Sean Trull (Greensboro, NC)
Personally, I struggle with acting out. Not because I’m uncomfortable, or because I’m in any physical danger, but because I’m afraid of judgment. Even when I know that yes, now I need to act out, now is when it’s okay to do something about it, I just can’t. There’s always that fear that one day, because I stood up for myself, I’m going to have to deal with it coming back to bite me in the ass. When someone repeatedly uses an incorrect pronoun I really do want to say something, but it’s so much easier just to ignore it, even though it feels so much worse. I like standing up for other people, I can do that, and I just can’t seem to stand up for myself. My goal is to be able to act out, to stand up for myself, even to the more unaccepting parts of my family.

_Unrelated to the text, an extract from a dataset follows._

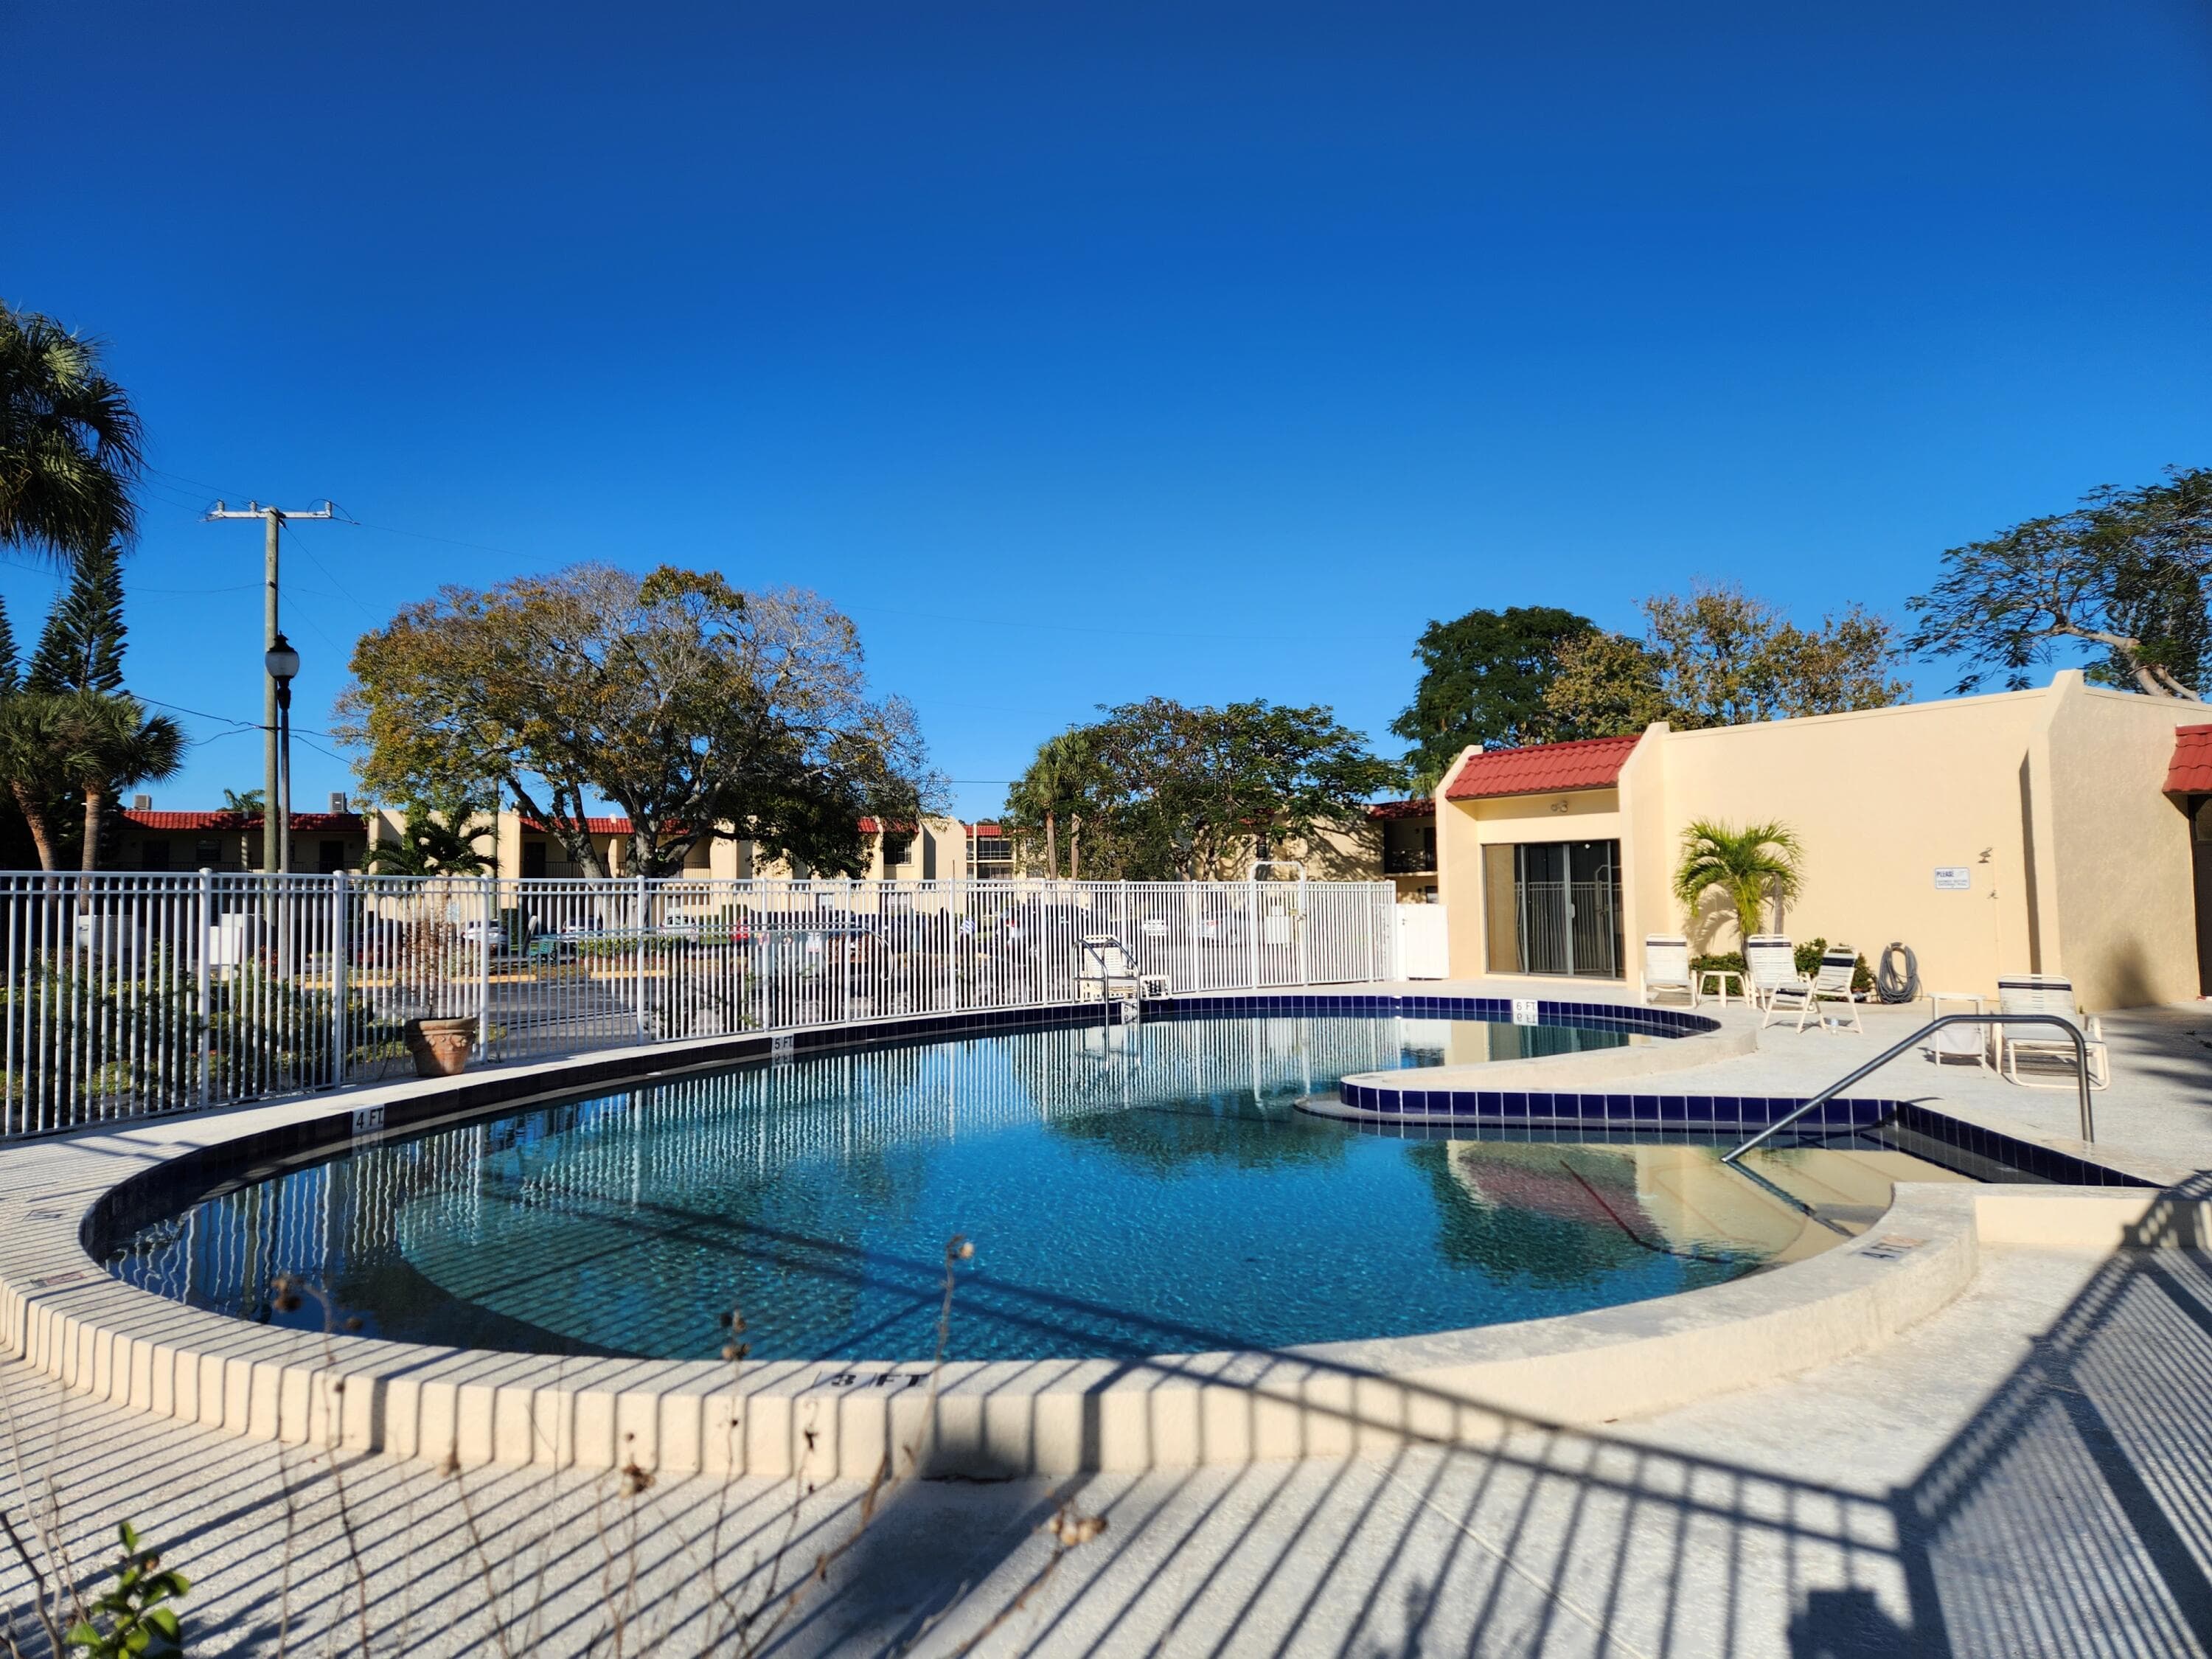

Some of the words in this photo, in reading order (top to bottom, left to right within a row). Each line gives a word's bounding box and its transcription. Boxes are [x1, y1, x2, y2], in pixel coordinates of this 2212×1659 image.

I remind myself every day that I’m strong enough for this
I can stand up for myself and tell them all that this is it
This is who I am and that’s okay, that’s fine with me
I could care less about anything that you think
Granted, I’m still terrified, when someone says my name
My birth one, not my real one, the one I really hate
And there are some people I can face and say “It’s he, not she”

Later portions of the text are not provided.